The process is iterative between horizontal position and top plate level, because they are interactive. The following general process is followed:
- The tribrach is attached to the tripod and placed over the marker.
- Looking through the optical plummet pick up two of the tripod legs and position the cross-hairs over the marker. Tread all three legs into the grass, bitumen, concrete.
- Look through the optical plummet and using the thumbscrews put the cross-hairs back over the marker.
- Adjust the level of the tribrach by slackening the tripod screws and sliding the legs. Re-center the cross-hairs using the thumb screws, then fine-tune the level using the tripod legs. Once the tribrach is nearly centered over the marker, level the tribrach the last little bit using the thumbscrews.
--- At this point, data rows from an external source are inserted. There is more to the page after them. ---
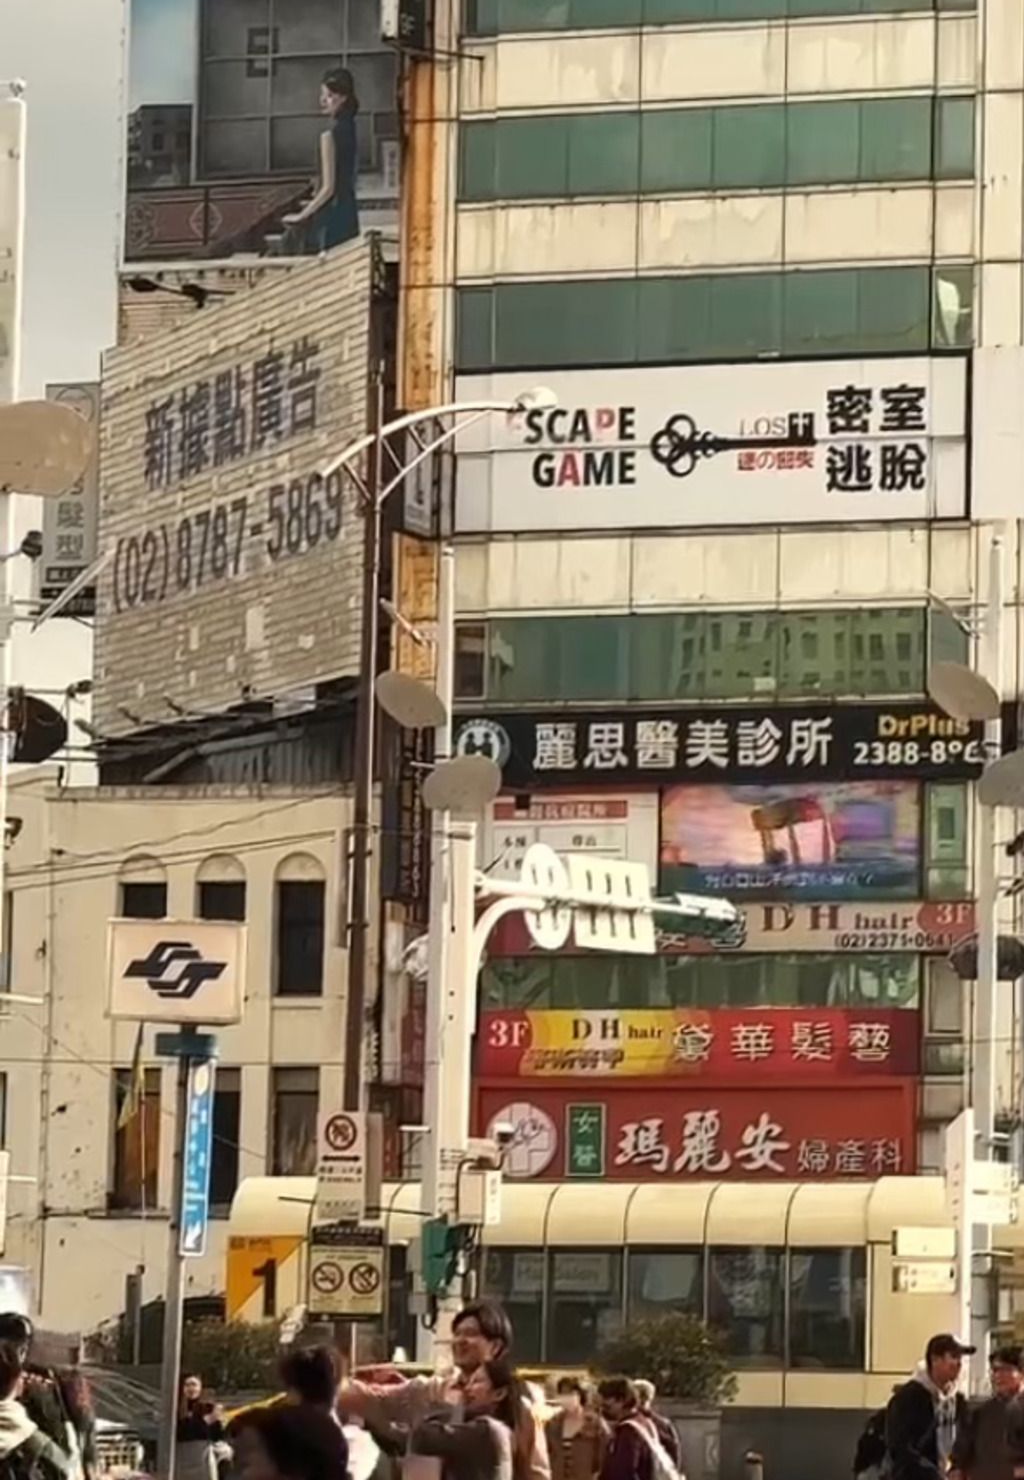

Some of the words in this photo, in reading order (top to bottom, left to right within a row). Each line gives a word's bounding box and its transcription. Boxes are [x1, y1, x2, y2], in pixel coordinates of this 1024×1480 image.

[826, 384, 927, 434] 密室
[532, 450, 637, 488] GAME
[826, 444, 927, 493] 逃脫
[531, 717, 833, 771] 麗思醫美診所
[877, 714, 971, 737] DrPlus
[936, 902, 971, 924] 3F
[488, 1021, 529, 1047] 3F
[627, 1026, 664, 1040] hair
[615, 1108, 792, 1173] 瑪麗安
[797, 1137, 903, 1173] 婦產科
[252, 1258, 277, 1318] 1
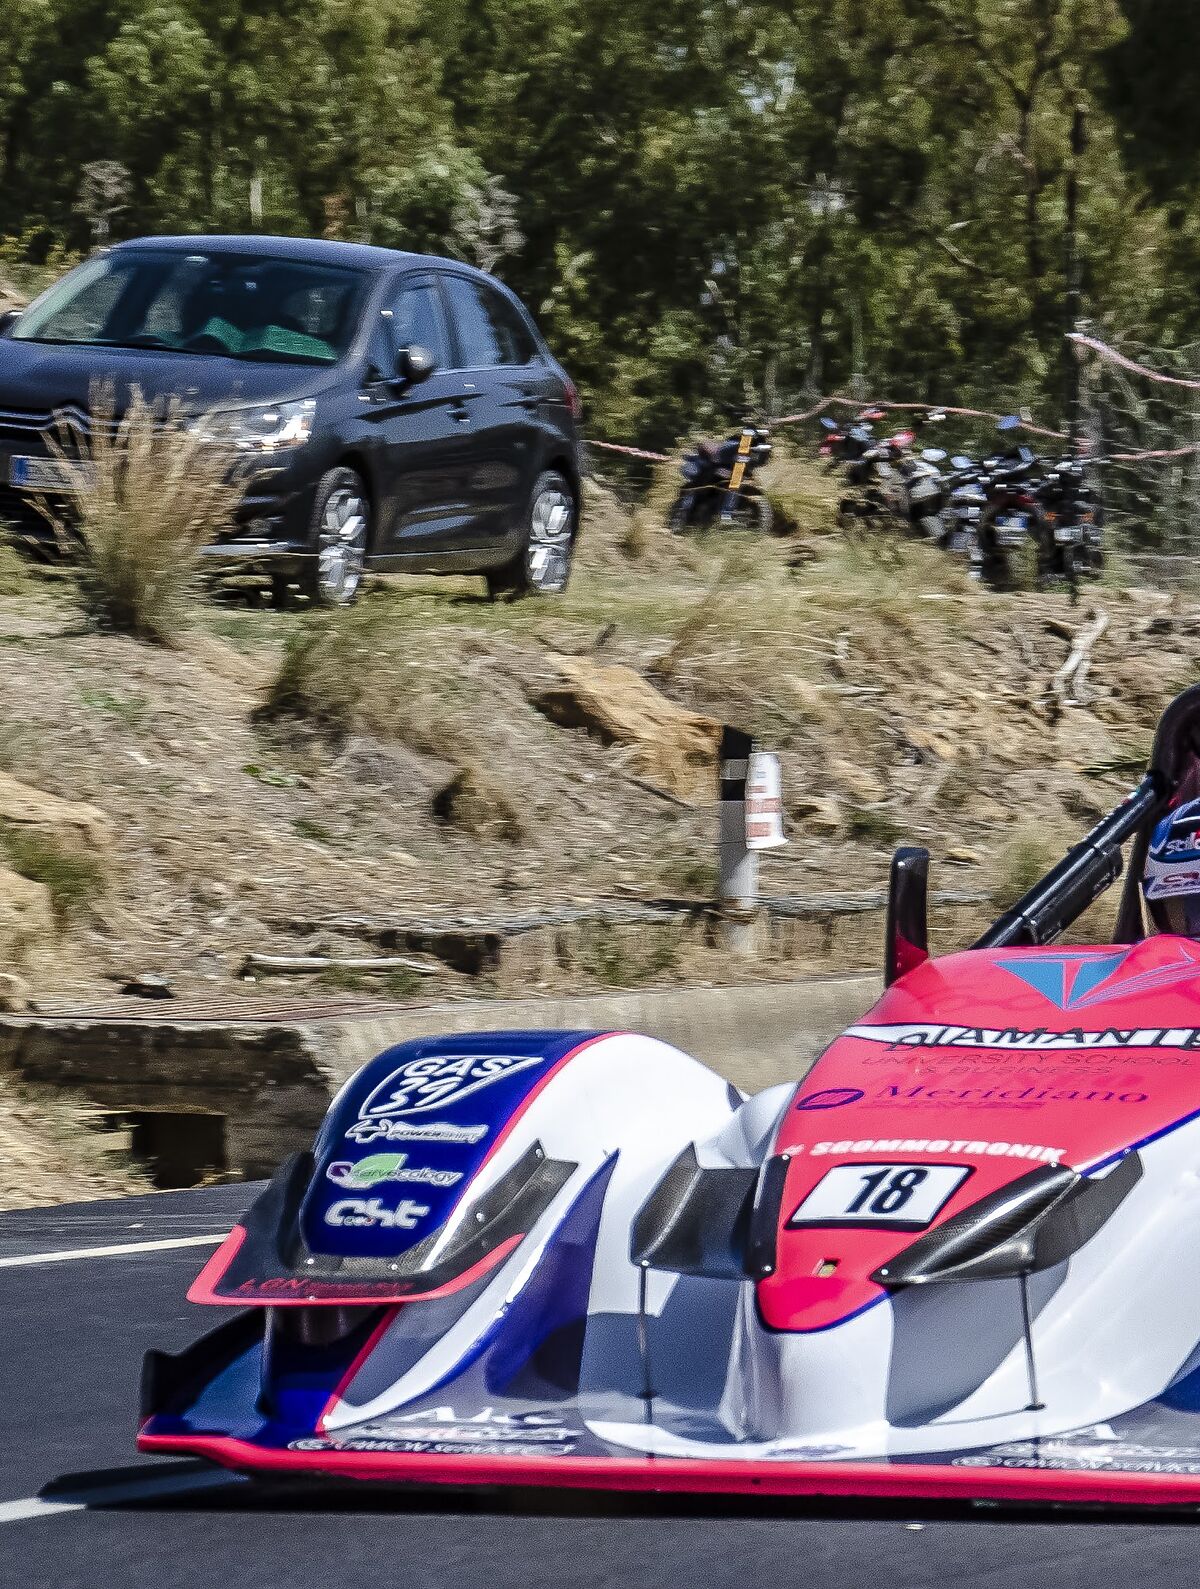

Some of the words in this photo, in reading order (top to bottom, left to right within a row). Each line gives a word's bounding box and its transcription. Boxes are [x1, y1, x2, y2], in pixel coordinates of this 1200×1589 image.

[403, 1057, 511, 1078] GAS
[1061, 1053, 1194, 1067] SCHOOL
[876, 1084, 1150, 1103] Meridiano
[844, 1166, 930, 1215] 18
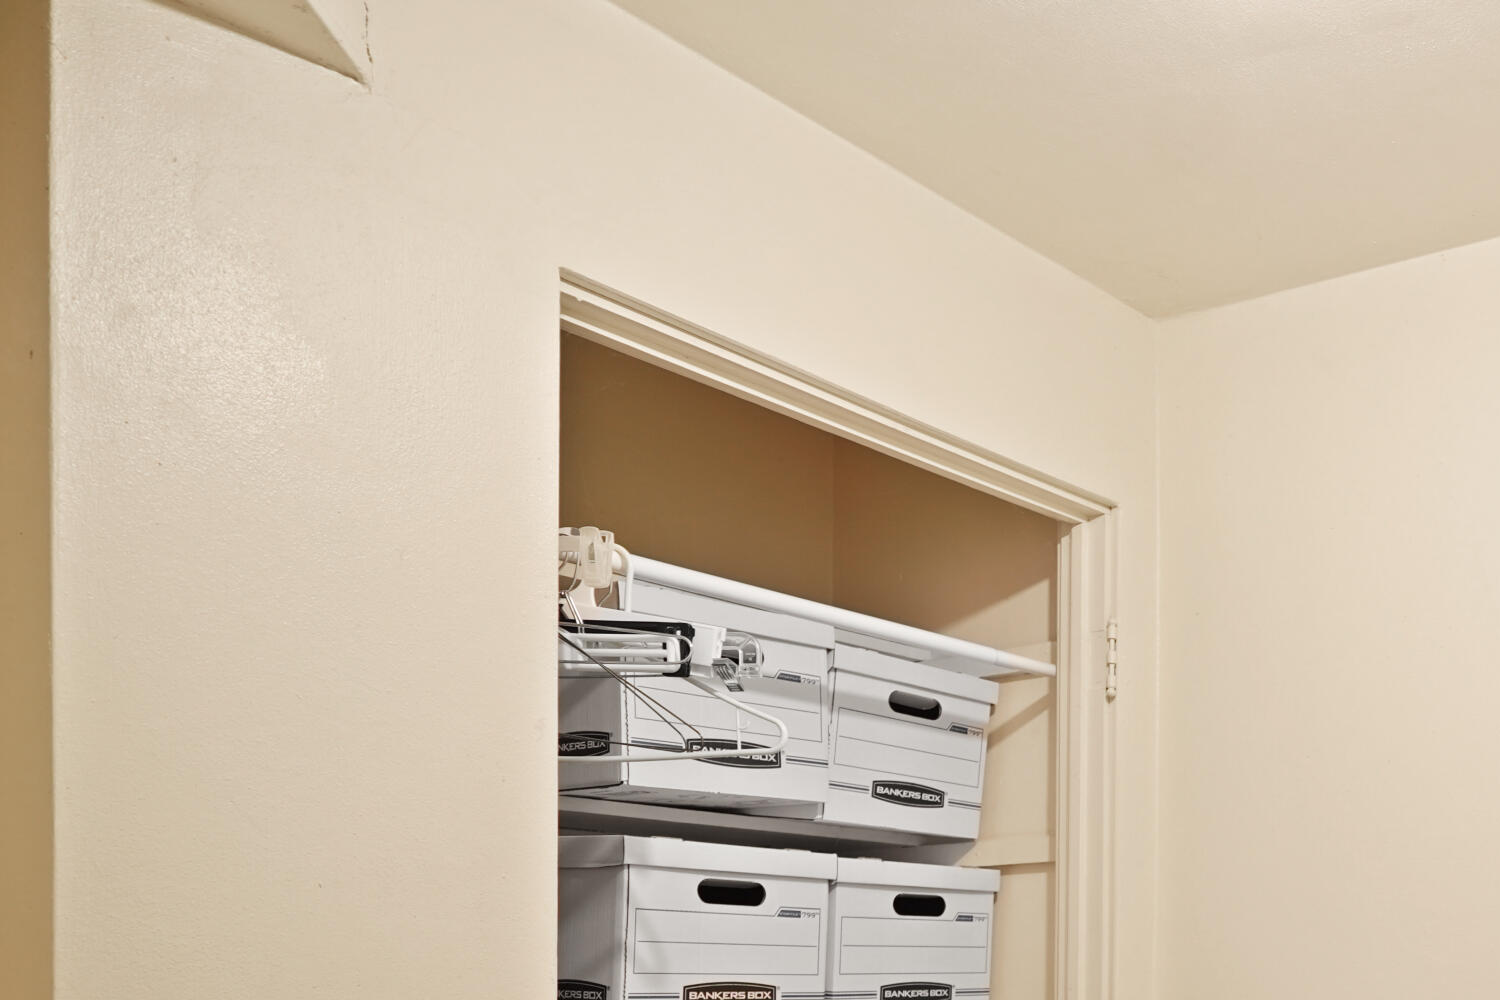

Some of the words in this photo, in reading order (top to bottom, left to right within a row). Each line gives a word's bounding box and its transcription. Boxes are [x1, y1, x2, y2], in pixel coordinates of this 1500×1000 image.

[876, 786, 921, 800] BANKERS
[921, 793, 942, 803] BOX
[558, 991, 582, 999] KERS
[583, 991, 602, 1000] BOX
[688, 991, 746, 1000] BANKERS
[747, 991, 772, 1000] BOX
[884, 989, 929, 998] BANKERS
[930, 988, 949, 997] BOX
- Slacken the tribrach from the tripod head and slide it the last 4-5mm so that it is centered over the marker and is level.

If the target over which the instrument is to be placed is roughly at the same elevation as the tripod feet, the preceding technique is applicable. If there is a considerable difference between the elevation of the target and the elevation of the marker and the instrument bottom plate, such as when the target is in a deep hole, or the tripod is on a Bilby tower, the target will appear to move laterally by a large distance in the optical plummet as the tribrach level is adjusted.

Tribrachs are precision instruments and should be checked regularly to ensure they do not become a source of error.